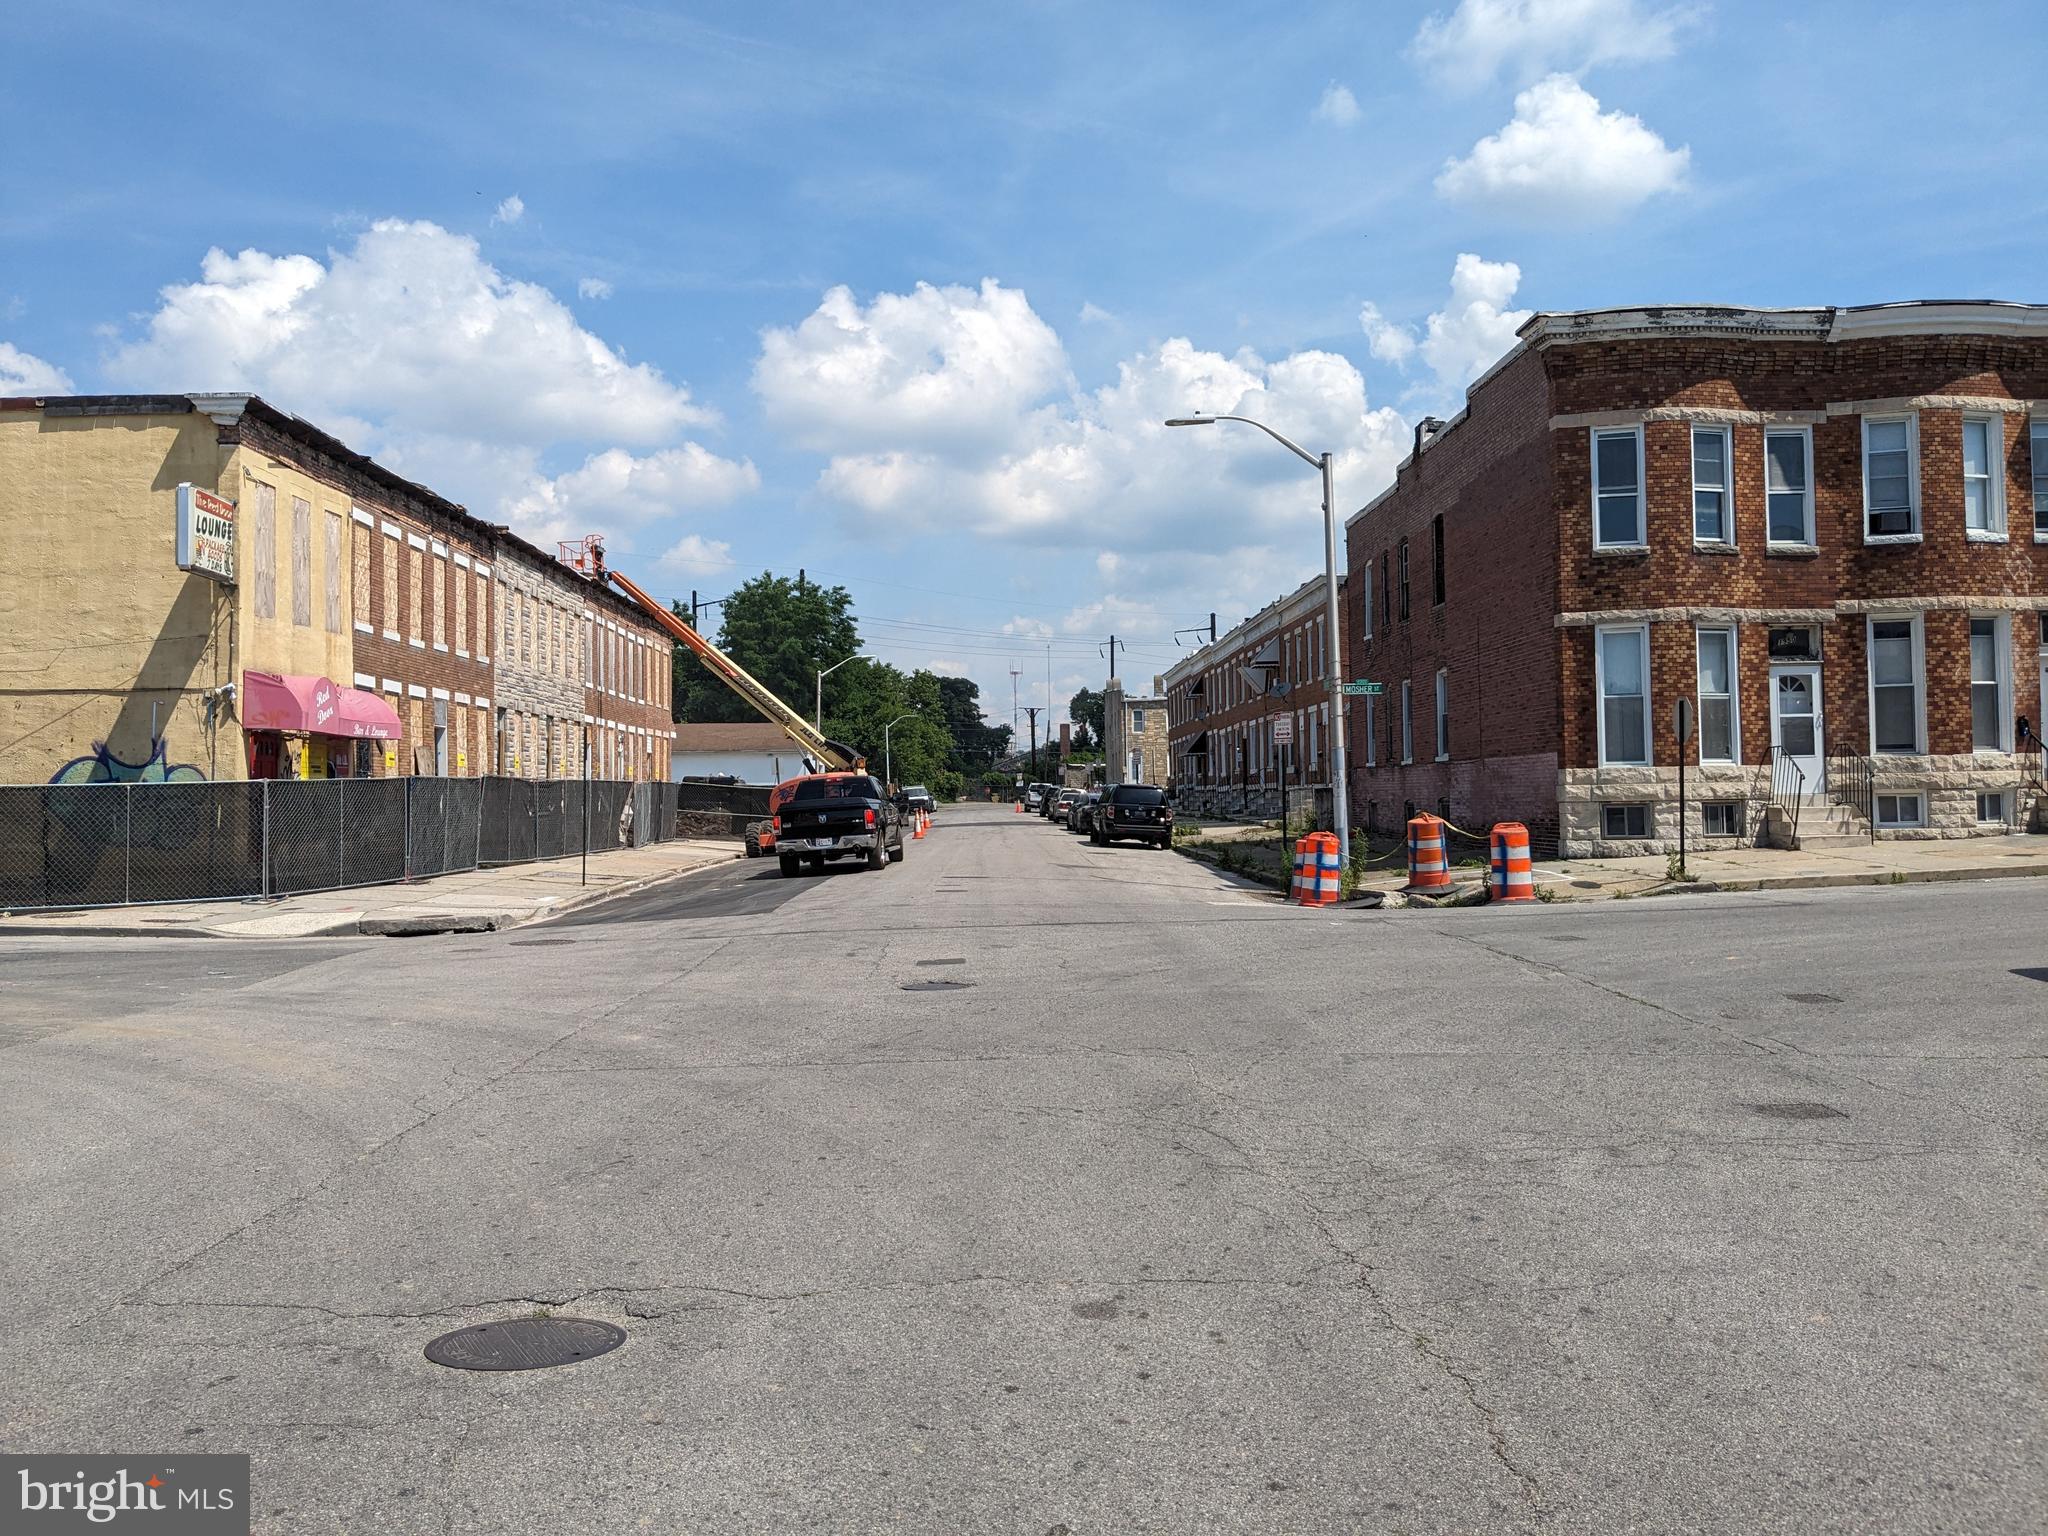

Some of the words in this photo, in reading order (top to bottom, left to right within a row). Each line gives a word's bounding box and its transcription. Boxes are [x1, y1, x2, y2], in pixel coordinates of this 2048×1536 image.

[196, 514, 232, 540] LOUNGE
[316, 685, 330, 707] Red
[1345, 685, 1372, 693] MOSHER
[317, 706, 334, 725] Door
[353, 723, 363, 736] Bar
[365, 725, 370, 736] &
[371, 725, 388, 738] Lounge
[800, 728, 815, 739] JLG
[814, 739, 828, 752] LIFT
-------
*What you will do*. Retype the entries verbatim and drop the pictures.

*Solution below*.
Some of the words in this photo, in reading order (top to bottom, left to right within a row). Each line gives a word's bounding box and its transcription. Boxes are [x1, y1, x2, y2], in pixel coordinates of this 2048×1536 image.

[196, 514, 232, 540] LOUNGE
[316, 685, 330, 707] Red
[1345, 685, 1372, 693] MOSHER
[317, 706, 334, 725] Door
[353, 723, 363, 736] Bar
[365, 725, 370, 736] &
[371, 725, 388, 738] Lounge
[800, 728, 815, 739] JLG
[814, 739, 828, 752] LIFT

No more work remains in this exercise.